### [Exercise brief]
Skip the images and repeat every entry word for word.

════════════════

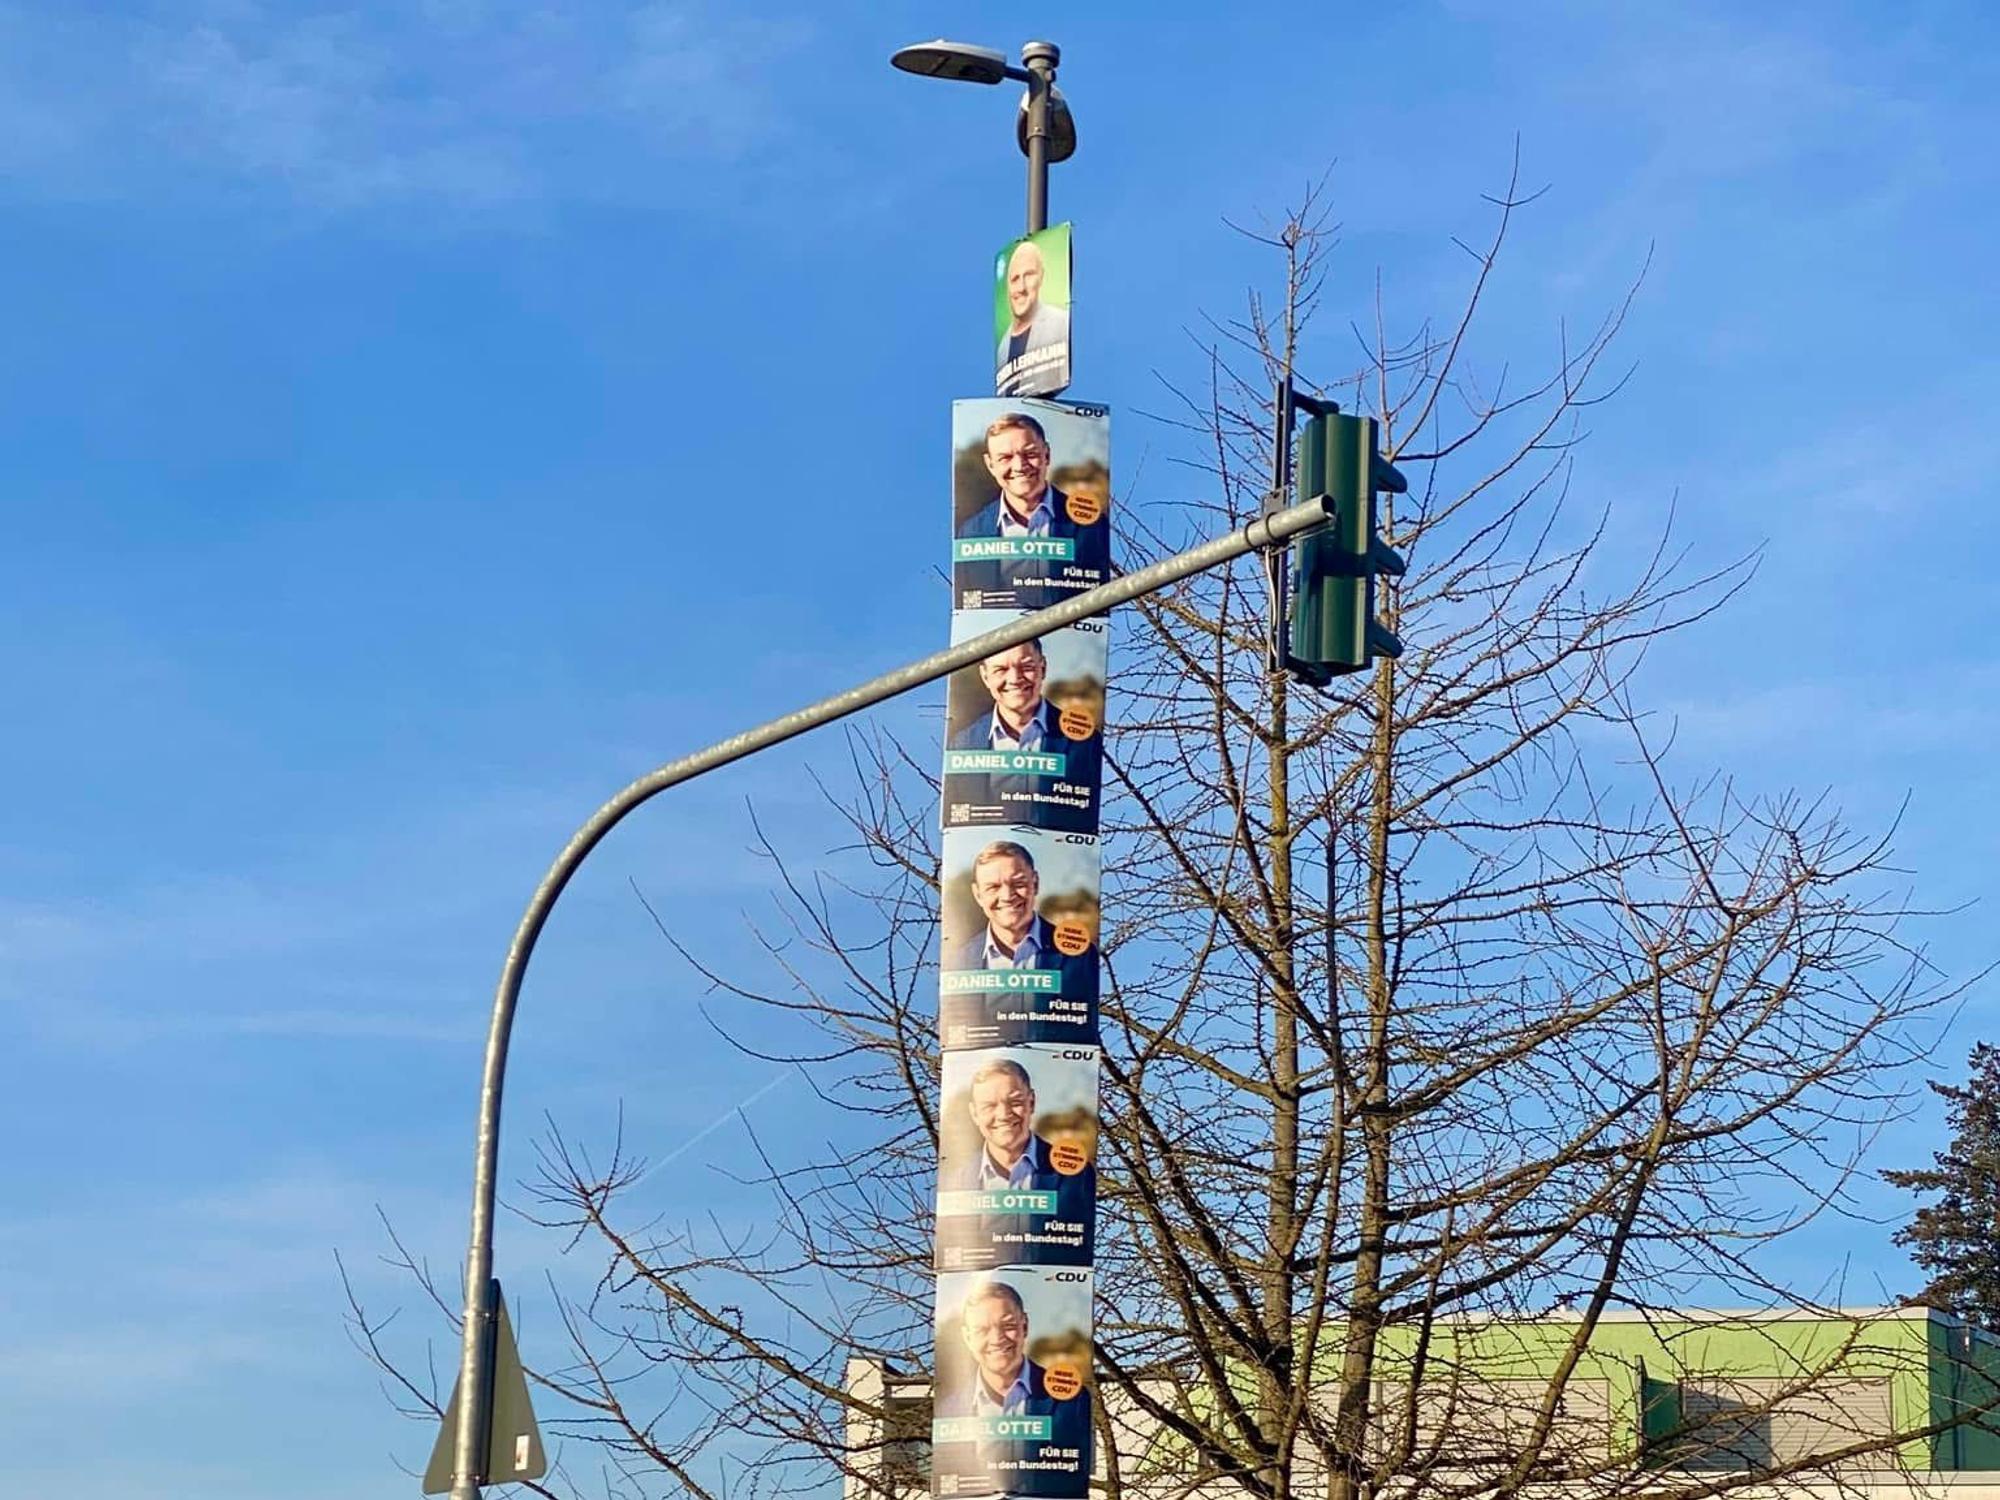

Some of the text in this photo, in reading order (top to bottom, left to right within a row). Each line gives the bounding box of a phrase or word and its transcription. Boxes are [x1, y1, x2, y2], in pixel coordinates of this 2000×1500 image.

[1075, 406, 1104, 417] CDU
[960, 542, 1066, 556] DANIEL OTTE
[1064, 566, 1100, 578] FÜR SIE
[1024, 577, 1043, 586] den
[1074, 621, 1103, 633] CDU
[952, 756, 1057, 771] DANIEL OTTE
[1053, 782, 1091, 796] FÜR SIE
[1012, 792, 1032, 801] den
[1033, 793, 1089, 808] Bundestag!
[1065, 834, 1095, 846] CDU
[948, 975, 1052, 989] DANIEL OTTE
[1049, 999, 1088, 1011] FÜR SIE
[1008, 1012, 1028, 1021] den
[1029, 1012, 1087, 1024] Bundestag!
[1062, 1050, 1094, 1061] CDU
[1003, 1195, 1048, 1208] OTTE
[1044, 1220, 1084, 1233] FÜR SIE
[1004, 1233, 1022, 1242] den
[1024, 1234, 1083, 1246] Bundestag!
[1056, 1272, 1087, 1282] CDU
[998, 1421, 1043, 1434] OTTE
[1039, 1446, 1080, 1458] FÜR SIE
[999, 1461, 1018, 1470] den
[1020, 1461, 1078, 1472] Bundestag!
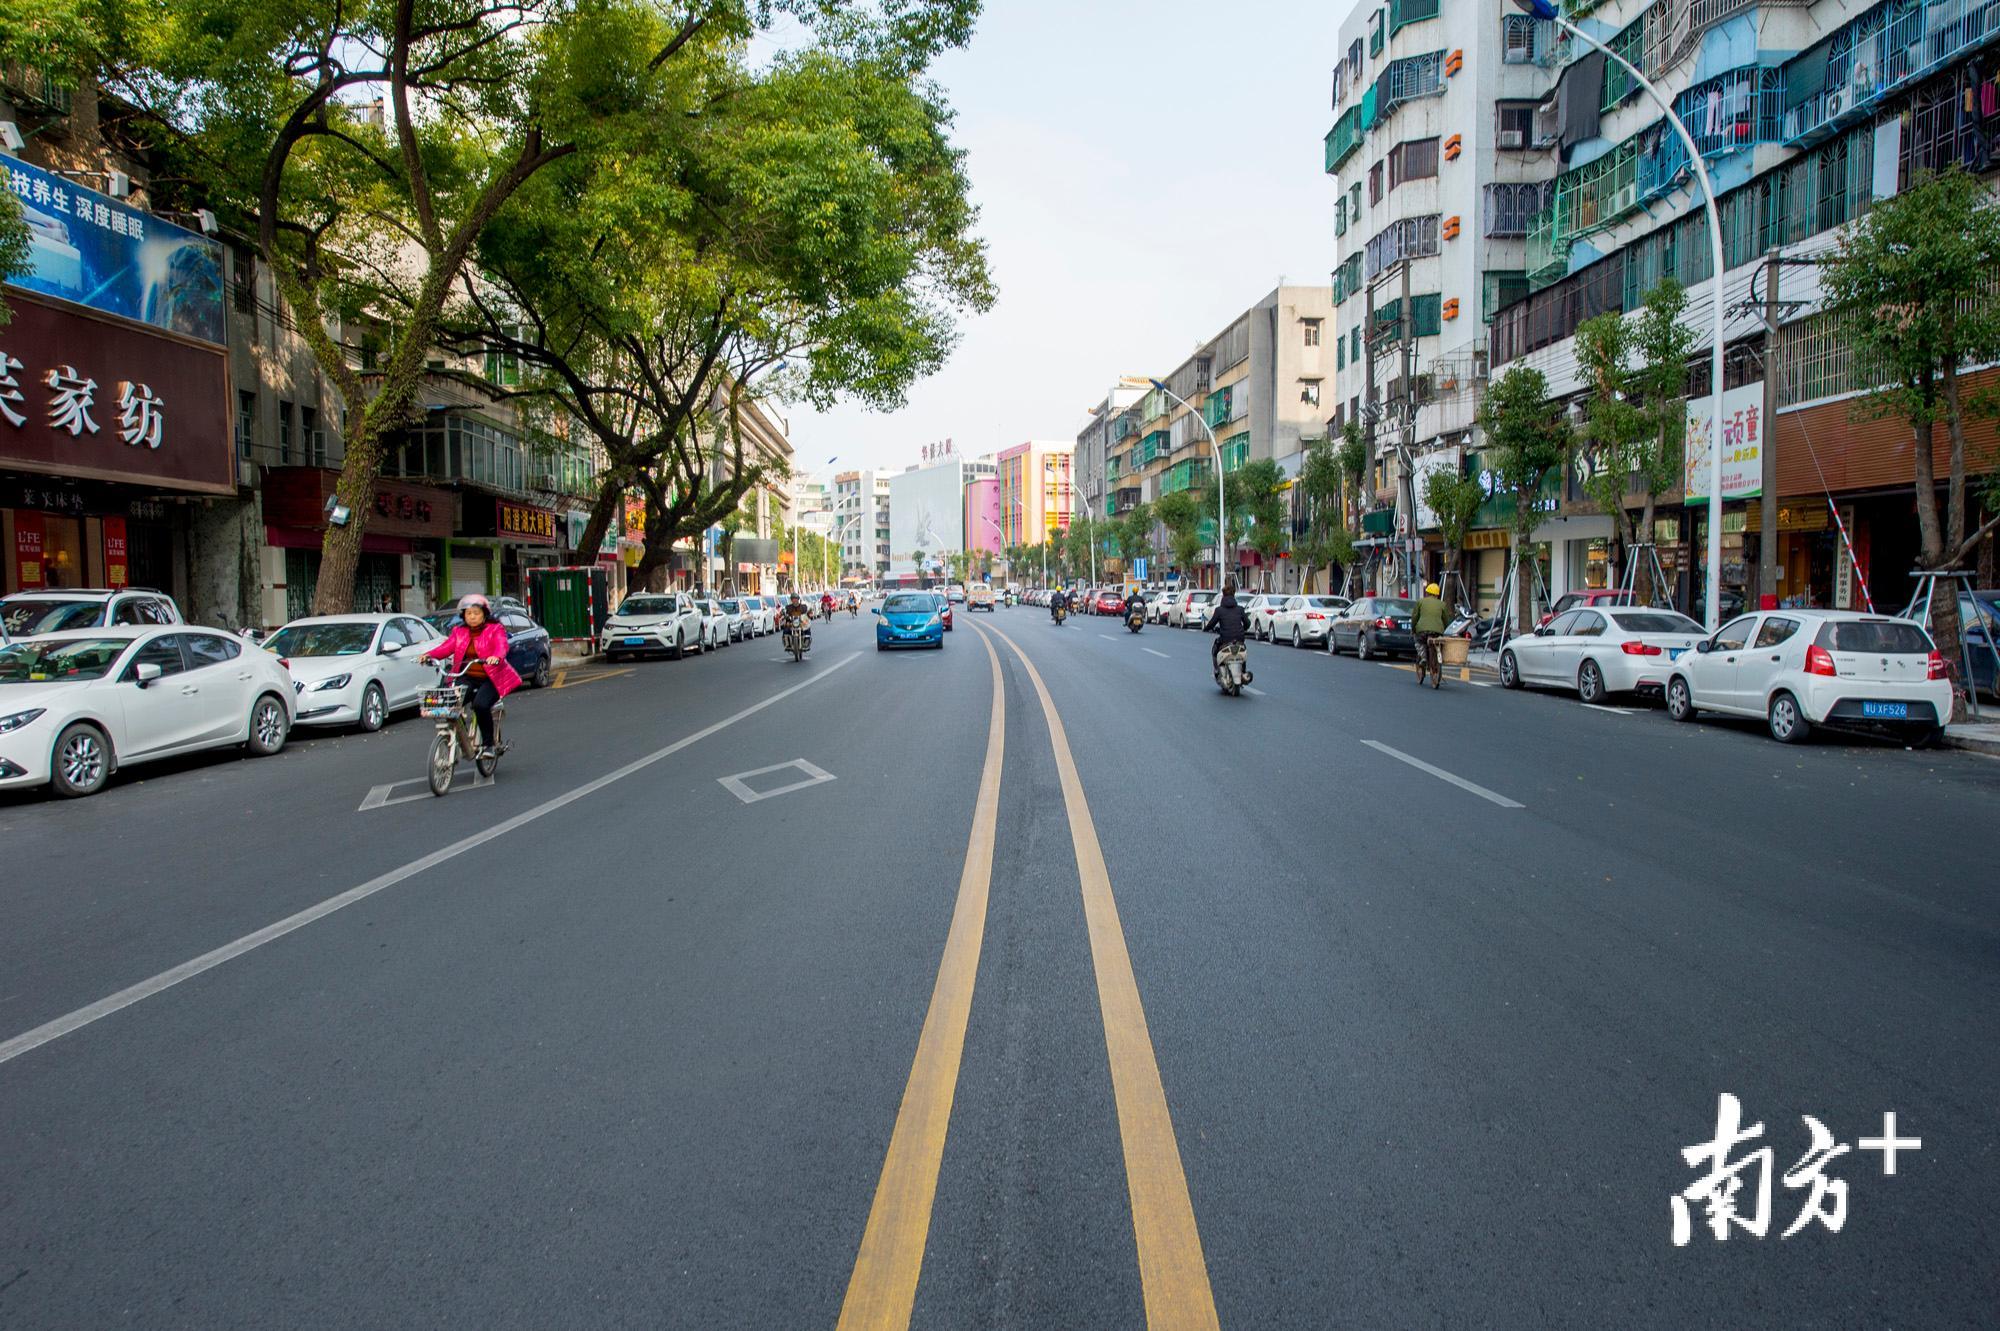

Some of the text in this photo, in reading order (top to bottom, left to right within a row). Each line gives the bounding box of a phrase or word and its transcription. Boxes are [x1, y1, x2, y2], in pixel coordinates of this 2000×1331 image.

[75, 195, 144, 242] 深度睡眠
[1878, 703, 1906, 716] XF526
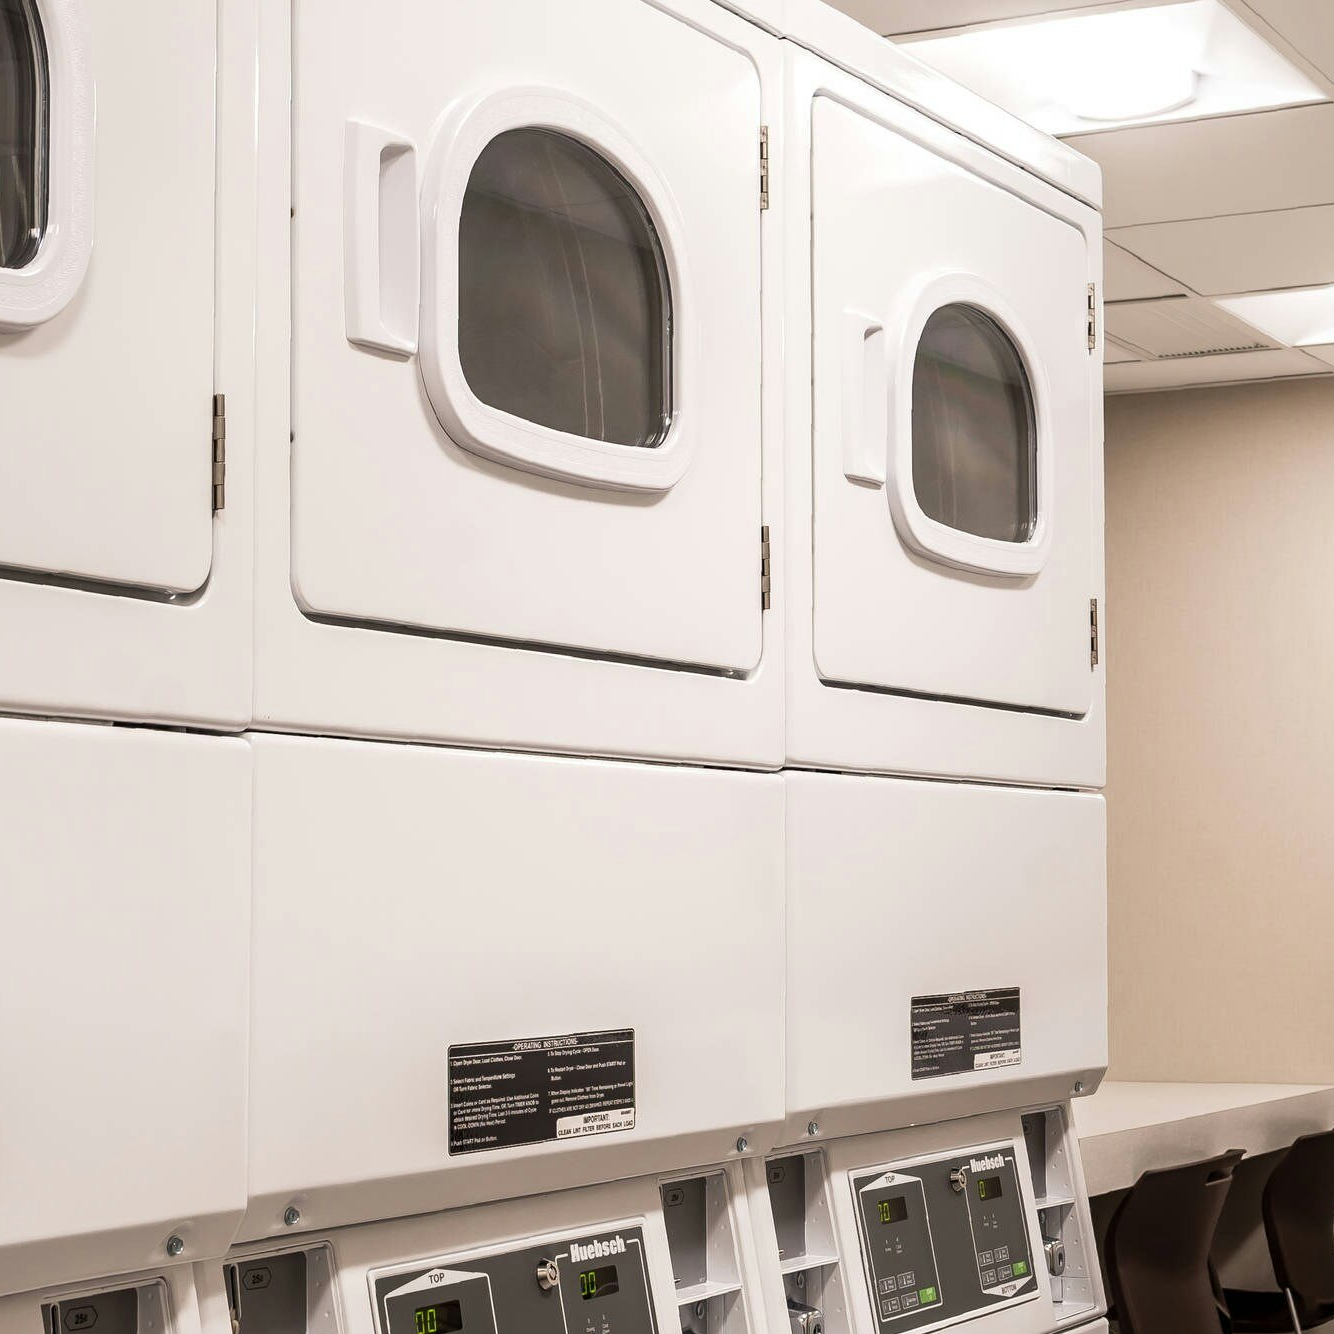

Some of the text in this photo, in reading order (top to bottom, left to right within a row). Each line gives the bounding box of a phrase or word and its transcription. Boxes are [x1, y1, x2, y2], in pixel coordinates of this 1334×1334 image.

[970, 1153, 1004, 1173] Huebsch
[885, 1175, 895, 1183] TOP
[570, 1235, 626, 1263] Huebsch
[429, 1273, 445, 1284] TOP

════════════════

### [Task solution]
Some of the text in this photo, in reading order (top to bottom, left to right within a row). Each line gives the bounding box of a phrase or word and its transcription. Boxes are [x1, y1, x2, y2], in pixel coordinates of this 2000×1500 image.

[1075, 406, 1104, 417] CDU
[960, 542, 1066, 556] DANIEL OTTE
[1064, 566, 1100, 578] FÜR SIE
[1024, 577, 1043, 586] den
[1074, 621, 1103, 633] CDU
[952, 756, 1057, 771] DANIEL OTTE
[1053, 782, 1091, 796] FÜR SIE
[1012, 792, 1032, 801] den
[1033, 793, 1089, 808] Bundestag!
[1065, 834, 1095, 846] CDU
[948, 975, 1052, 989] DANIEL OTTE
[1049, 999, 1088, 1011] FÜR SIE
[1008, 1012, 1028, 1021] den
[1029, 1012, 1087, 1024] Bundestag!
[1062, 1050, 1094, 1061] CDU
[1003, 1195, 1048, 1208] OTTE
[1044, 1220, 1084, 1233] FÜR SIE
[1004, 1233, 1022, 1242] den
[1024, 1234, 1083, 1246] Bundestag!
[1056, 1272, 1087, 1282] CDU
[998, 1421, 1043, 1434] OTTE
[1039, 1446, 1080, 1458] FÜR SIE
[999, 1461, 1018, 1470] den
[1020, 1461, 1078, 1472] Bundestag!

Some of the text in this photo, in reading order (top to bottom, left to right within a row). Each line gives the bounding box of a phrase or word and its transcription. Boxes are [x1, y1, x2, y2], in pixel coordinates of this 2000×1331 image.

[75, 195, 144, 242] 深度睡眠
[1878, 703, 1906, 716] XF526

Some of the text in this photo, in reading order (top to bottom, left to right within a row). Each line gives the bounding box of a phrase or word and its transcription. Boxes are [x1, y1, x2, y2], in pixel coordinates of this 1334×1334 image.

[970, 1153, 1004, 1173] Huebsch
[885, 1175, 895, 1183] TOP
[570, 1235, 626, 1263] Huebsch
[429, 1273, 445, 1284] TOP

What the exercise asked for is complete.